BACKGROUND: Systemic absorption of phthalates and parabens has been demonstrated after dermal application of body lotion, and medical devices such as intravenous bags and tubing have been identified as a source of exposure to di(2-ethylhexyl) phthalate (DEHP). However, use of products during medical procedures such as aqueous gel applied during obstetrical ultrasound in pregnancy has not been investigated as a potential source of endocrine disrupting chemical (EDC) exposure. Human studies have associated EDCs with various adverse pregnancy outcomes. There is a need to identify sources of inadvertent exposure to EDCs especially during vulnerable developmental periods such as pregnancy. OBJECTIVES: We conducted a pilot study to determine whether use of gel during routine obstetrical ultrasound increased urinary concentrations of phthalate and phenol biomarkers. METHODS: We recruited 13 women from the Massachusetts General Hospital who provided spot urine samples at the time of their second trimester anatomic survey. The first sample was collected prior to the procedure (pre-exposure, time 1), and two additional samples were obtained at approximately 1-2h (time 2) and 7-12h (time 3) post-exposure following the scan.

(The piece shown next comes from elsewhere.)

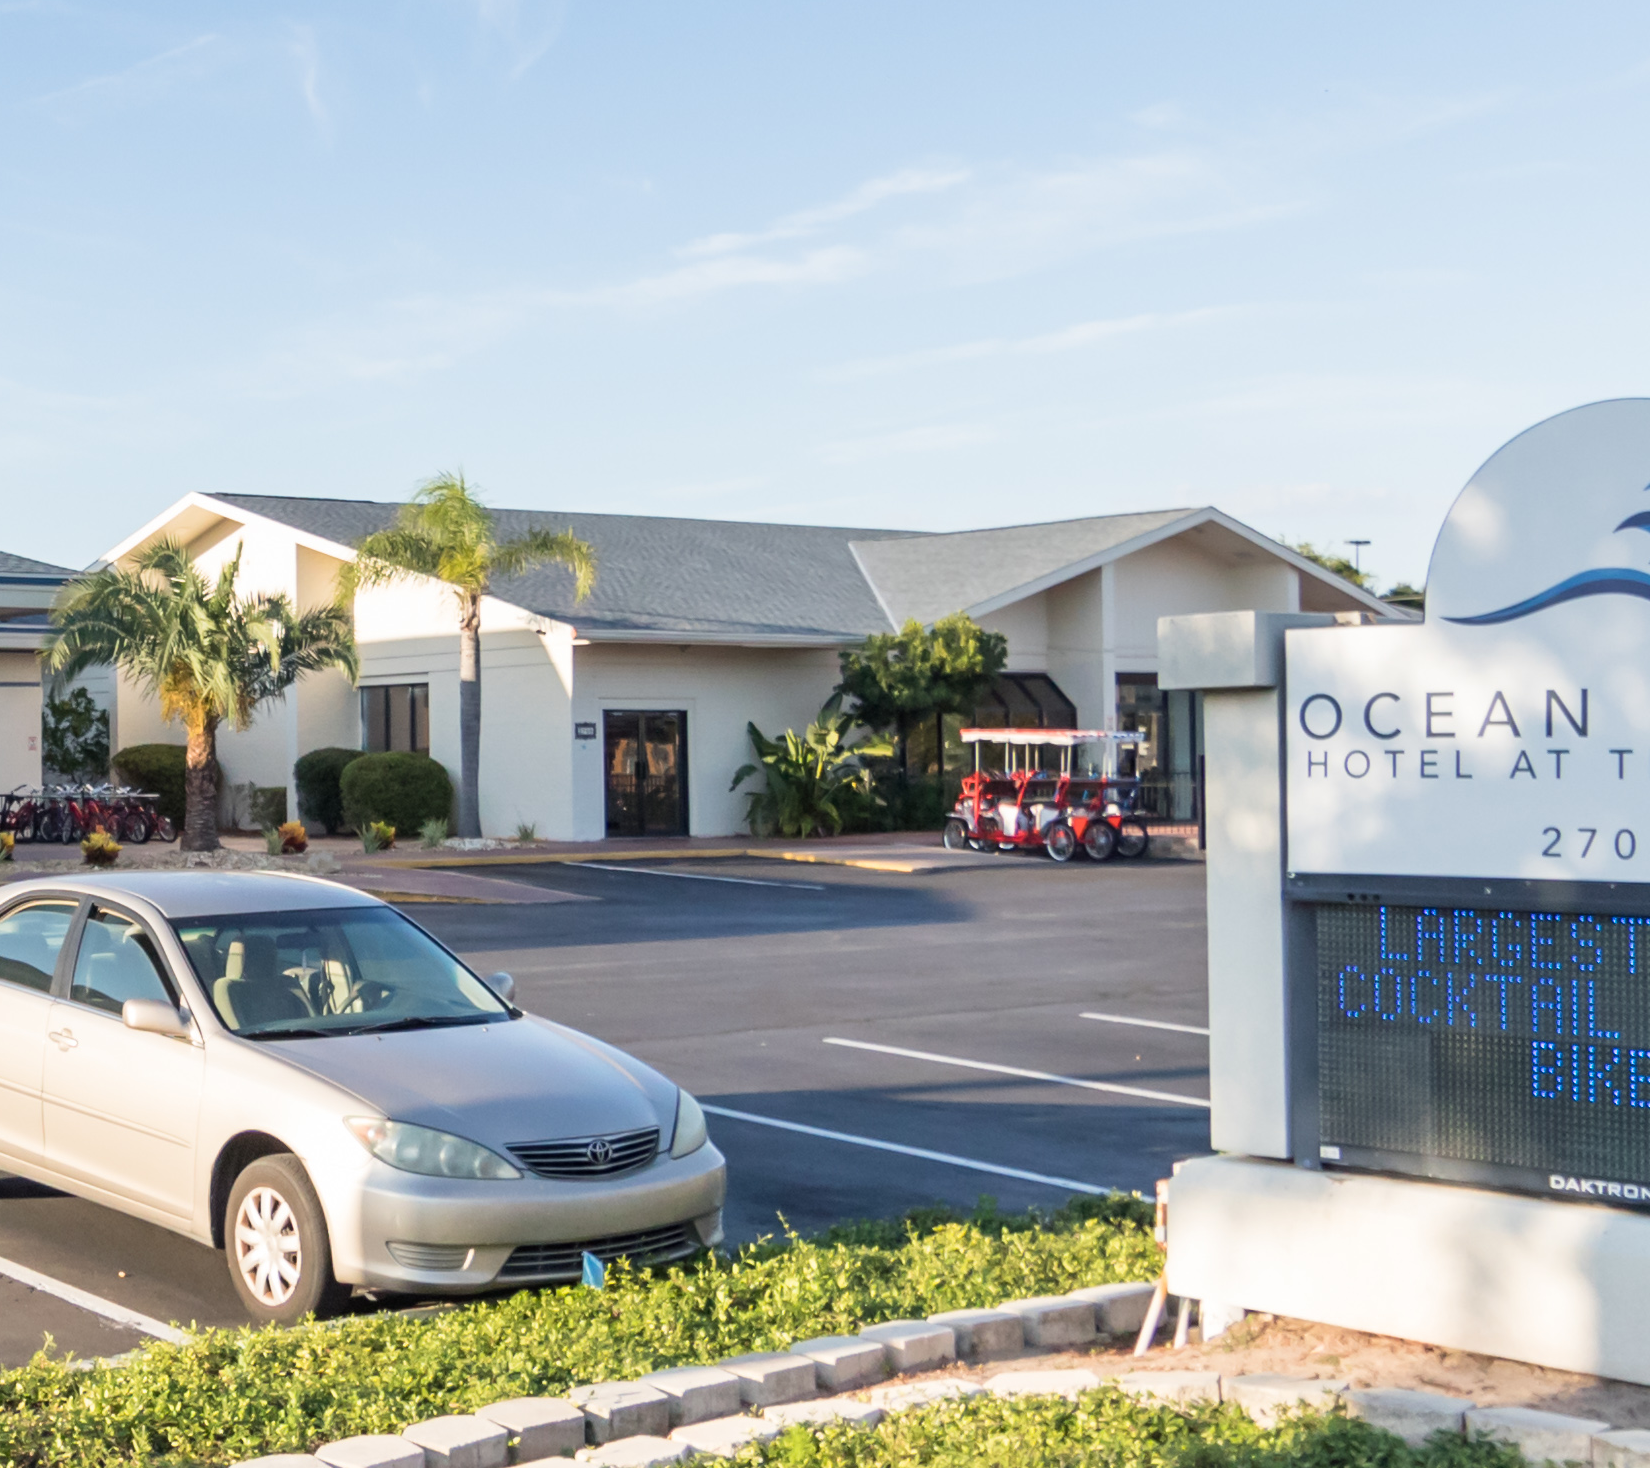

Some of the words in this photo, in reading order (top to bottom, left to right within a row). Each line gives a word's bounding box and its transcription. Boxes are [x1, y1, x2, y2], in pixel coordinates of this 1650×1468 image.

[1298, 688, 1589, 740] OCEAN
[1307, 749, 1473, 779] HOTEL
[1509, 749, 1571, 780] AT
[1338, 964, 1621, 1039] COCKTAIL

RESULTS: Urinary concentrations of several DEHP metabolites and metabolite of diisononyl cyclohexane-1,2-dicarboxylate (DINCH) increased across time. For example, the geometric mean concentrations of mono(2-ethyl-5-hydroxyhexyl) phthalate increased from 3.1ng/ml to 7.1ng/ml (p-value=0.03) between time 1 and time 3. We also observed significant differences in concentrations of metabolites of butylbenzyl phthalate (BBzP), di-n-butyl phthalate (DnBP), and di-isobutyl phthalate (DiBP). For example, mono-n-butyl phthalate (metabolite of DnBP) decreased from 3.5ng/ml to 1.8ng/ml (p-value=0.04) between time 1 and time 2, but then increased to 6.6ng/ml (p-value=0.002) at time 3. Propylparaben concentrations increased from 8.9ng/ml to 33.6ng/ml between time 1 and time 2 (p-value=0.005), followed by a decrease to 12.9ng/ml at time 3 (p-value=0.01). However, we cannot rule out the possibility that some of the observed differences are due to other sources of exposure to these compounds. CONCLUSIONS: While additional research is needed, this pilot study potentially identifies a previously unknown source of phthalate and paraben exposure among pregnant women undergoing routine ultrasound examination.